Nature Publishing Group claims on its website that it is committed to publishing “original research” that is “of the highest quality and impact”. But when exactly is research “original”?  This is a question with a complicated answer. A recent blog post by senior editor Dorothy Clyde at Nature Protocols provides insight into the difficulties Nature faces in detecting plagiarism, and identifies the issue of self plagiarism as particularly problematic. The journal tries to avoid publishing the work of authors who have previously published the same work or a minor variant thereof. I imagine this is partly in the interests of fairness, a service to the scientific community to ensure that researchers don’t have to sift through numerous variants of a single research project in the literature, and a personal interest of the journal in its aim to publish only the highest level of scholarship.

On the other hand, there is also a rationale for individual researchers to revisit their own previously published work. Sometimes results can be recast in a way that makes them accessible to different communities, and rethinking of ideas frequently leads to a better understanding, and therefore a better exposition. The mathematician Gian-Carlo Rota made the case for enlightened self-plagiarism in one of his ten lessons he wished he had been taught when he was younger:

3. Publish the same result several times

After getting my degree, I worked for a few years in functional analysis.

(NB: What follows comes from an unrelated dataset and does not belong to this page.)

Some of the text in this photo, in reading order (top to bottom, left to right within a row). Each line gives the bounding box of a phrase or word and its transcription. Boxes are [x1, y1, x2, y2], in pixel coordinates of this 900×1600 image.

I bought a copy of Frederick Riesz’ Collected Papers as soon as the big thick heavy oversize volume was published. However, as I began to leaf through, I could not help but notice that the pages were extra thick, almost like cardboard. Strangely, each of Riesz’ publications had been reset in exceptionally large type. I was fond of Riesz’ papers, which were invariably beautifully written and gave the reader a feeling of definitiveness.

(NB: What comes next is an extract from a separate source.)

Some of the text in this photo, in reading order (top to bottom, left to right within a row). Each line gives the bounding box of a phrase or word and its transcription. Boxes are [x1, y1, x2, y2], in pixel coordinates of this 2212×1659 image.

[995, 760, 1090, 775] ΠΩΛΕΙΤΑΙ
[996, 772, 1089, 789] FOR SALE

As I looked through his Collected Papers however, another picture emerged. The editors had gone out of their way to publish every little scrap Riesz had ever published. It was clear that Riesz’ publications were few. What is more surprising is that the papers had been published several times. Riesz would publish the first rough version of an idea in some obscure Hungarian journal. A few years later, he would send a series of notes to the French Academy’s Comptes Rendus in which the same material was further elaborated. A few more years would pass, and he would publish the definitive paper, either in French or in English. Adam Koranyi, who took courses with Frederick Riesz, told me that Riesz would lecture on the same subject year after year, while meditating on the definitive version to be written. No wonder the final version was perfect.

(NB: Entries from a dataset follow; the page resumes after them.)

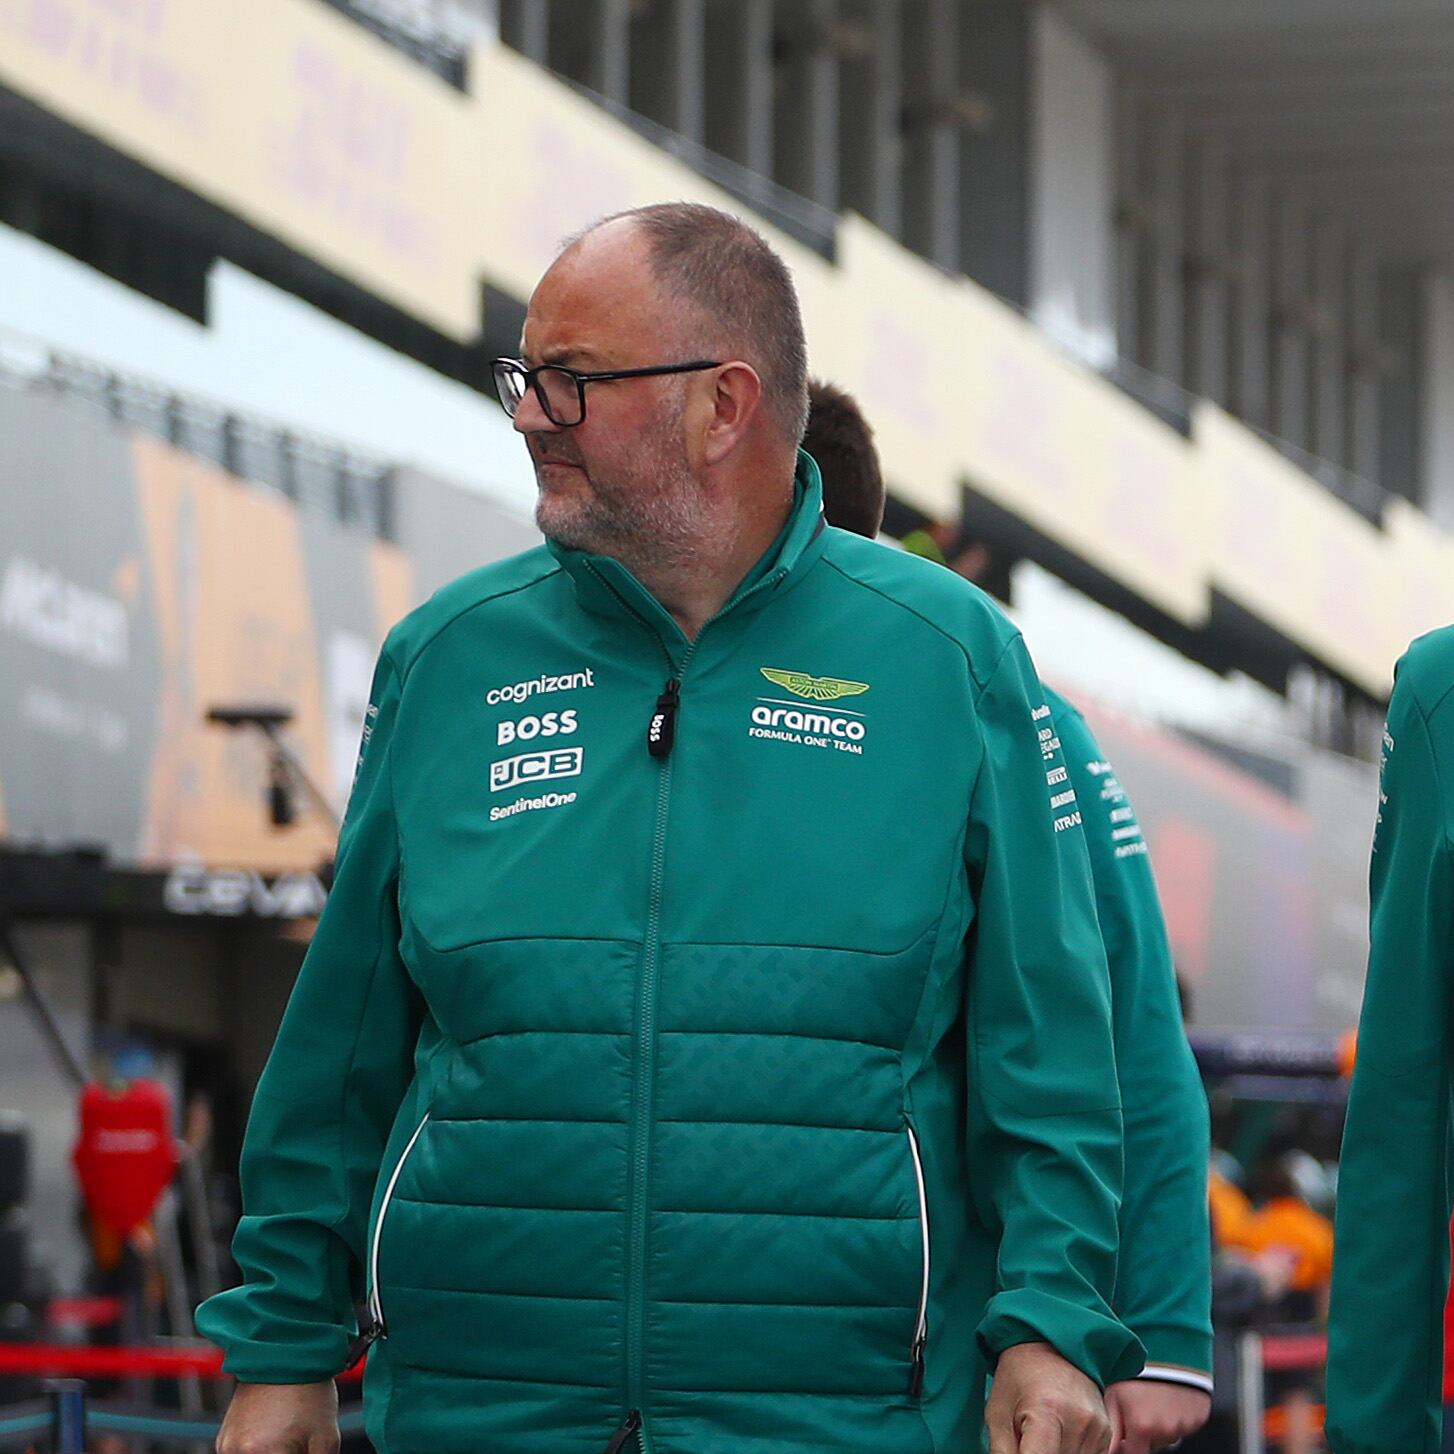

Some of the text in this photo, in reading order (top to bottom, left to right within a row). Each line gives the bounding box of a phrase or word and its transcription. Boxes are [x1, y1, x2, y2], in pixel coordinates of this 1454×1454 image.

[486, 668, 595, 705] cognizant
[497, 709, 579, 745] BOSS
[749, 727, 863, 755] FORMULA ONE TEAM
[752, 706, 866, 741] aramco
[493, 750, 579, 788] JCB
[489, 792, 578, 821] SentinelOne

Riesz’ example is worth following. The mathematical community is split into small groups, each one with its own customs, notation and terminology. It may soon be indispensable to present the same result in several versions, each one accessible to a specific group; the price one might have to pay otherwise is to have our work rediscovered by someone who uses a different language and notation, and who will rightly claim it as his own.

The question is: where does one draw the line?

I was recently forced to confront this question when reading an interesting paper about a statistical approach to utilizing controls in large-scale genomics experiments:

J.A. Gagnon-Bartsch and T.P. Speed, Using control genes to corrected for unwanted variation in microarray dataBiostatistics, 2012.

A cornerstone in the logic and methodology of biology is the notion of a “control”. For example, when testing the result of a drug on patients, a subset of individuals will be given a placebo. This is done to literally control for effects that might be measured in patients taking the drug, but that are not inherent to the drug itself. By examining patients on the placebo, it is possible to essentially cancel out uninteresting effects that are not specific to the drug. In modern genomics experiments that involve thousands, or even hundreds of thousands of measurements, there is a biological question of how to design suitable controls, and a statistical question of how to exploit large numbers of controls to “normalize” (i.e. remove unwanted variation) from the high-dimensional measurements.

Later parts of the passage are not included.